**GIVEN DATA:**
=== Begin Enclosure ===
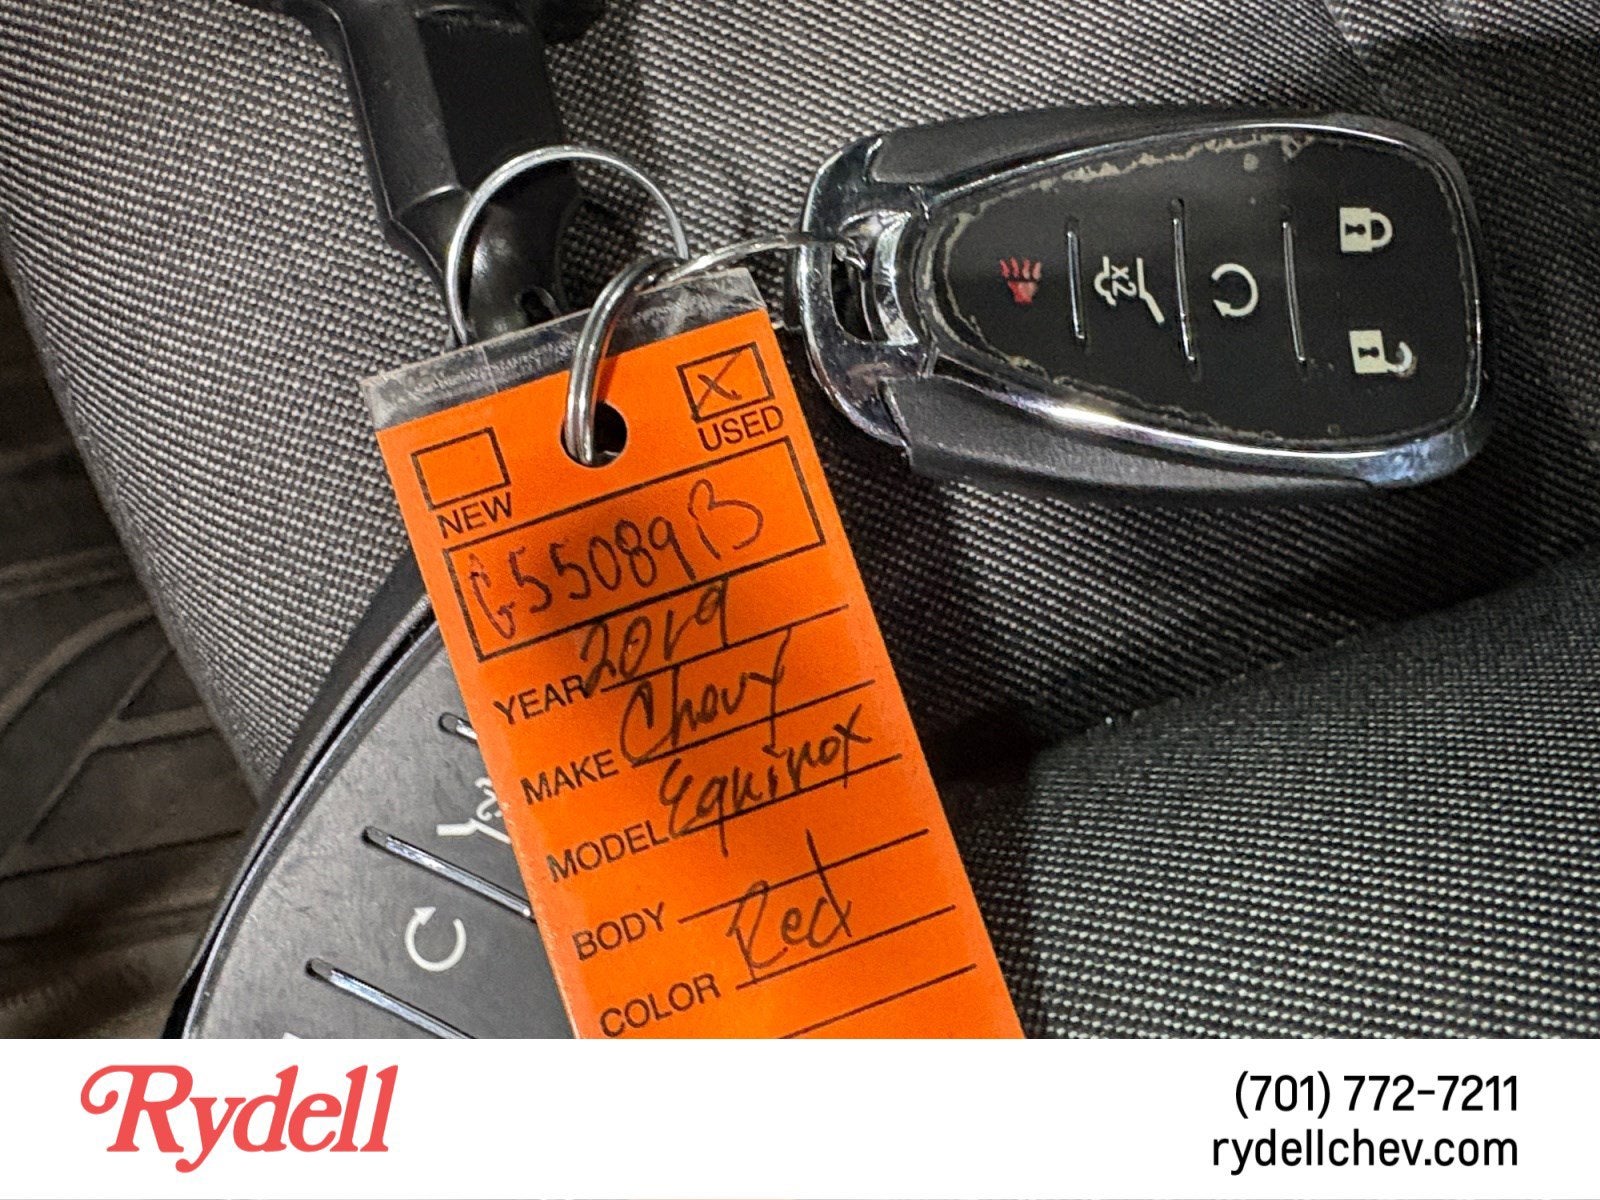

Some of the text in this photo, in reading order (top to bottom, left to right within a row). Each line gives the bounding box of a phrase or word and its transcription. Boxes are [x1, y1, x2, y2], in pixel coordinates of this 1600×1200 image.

[697, 405, 784, 452] USED
[437, 492, 512, 539] NEW
[579, 577, 730, 698] 2019
[494, 674, 589, 725] YEAR
[520, 750, 618, 805] MAKE
[660, 704, 872, 857] Equinox
[547, 819, 671, 882] MODEL
[572, 902, 666, 961] BODY
[727, 828, 852, 983] Red
[600, 972, 721, 1037] COLOR
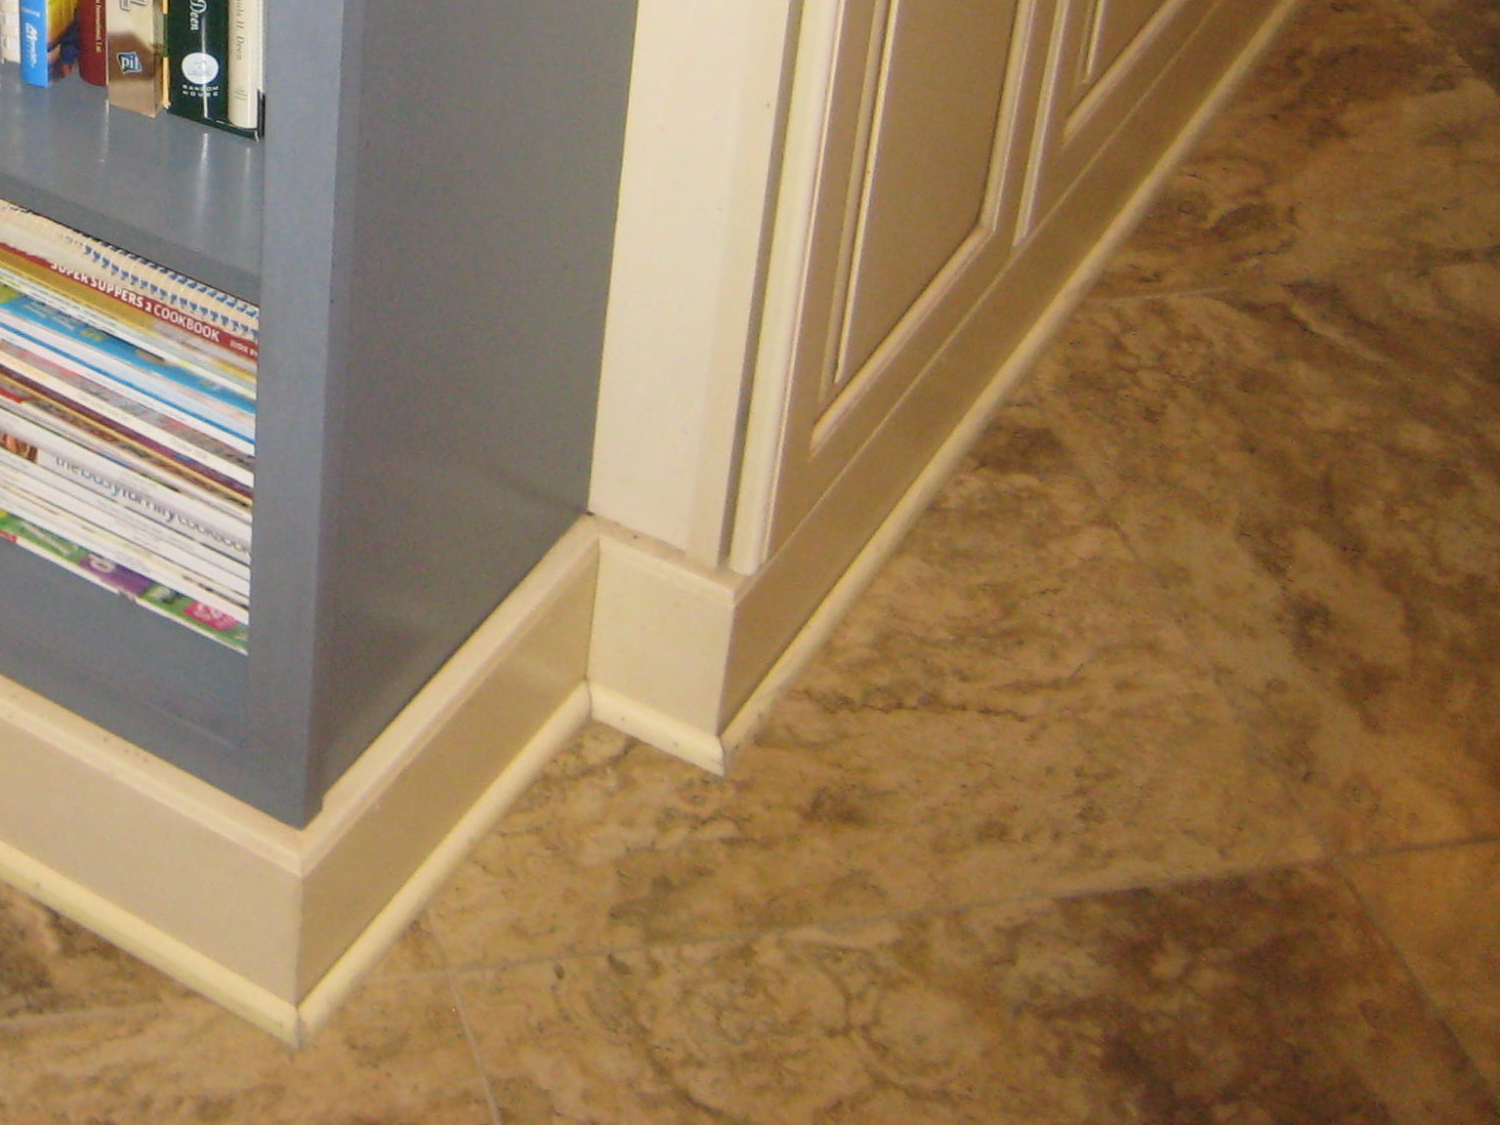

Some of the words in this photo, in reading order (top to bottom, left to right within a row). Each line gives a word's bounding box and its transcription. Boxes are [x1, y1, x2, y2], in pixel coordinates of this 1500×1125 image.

[236, 36, 246, 60] Deen
[91, 277, 144, 308] SUPPERS
[145, 301, 153, 312] 2
[153, 305, 220, 343] COOKBOOK
=== End Enclosure ===
Output the entries above exactly. Do not include the pictures.

**FINAL ANSWER:**
Some of the text in this photo, in reading order (top to bottom, left to right within a row). Each line gives the bounding box of a phrase or word and its transcription. Boxes are [x1, y1, x2, y2], in pixel coordinates of this 1600×1200 image.

[697, 405, 784, 452] USED
[437, 492, 512, 539] NEW
[579, 577, 730, 698] 2019
[494, 674, 589, 725] YEAR
[520, 750, 618, 805] MAKE
[660, 704, 872, 857] Equinox
[547, 819, 671, 882] MODEL
[572, 902, 666, 961] BODY
[727, 828, 852, 983] Red
[600, 972, 721, 1037] COLOR

Some of the words in this photo, in reading order (top to bottom, left to right within a row). Each line gives a word's bounding box and its transcription. Boxes are [x1, y1, x2, y2], in pixel coordinates of this 1500×1125 image.

[236, 36, 246, 60] Deen
[91, 277, 144, 308] SUPPERS
[145, 301, 153, 312] 2
[153, 305, 220, 343] COOKBOOK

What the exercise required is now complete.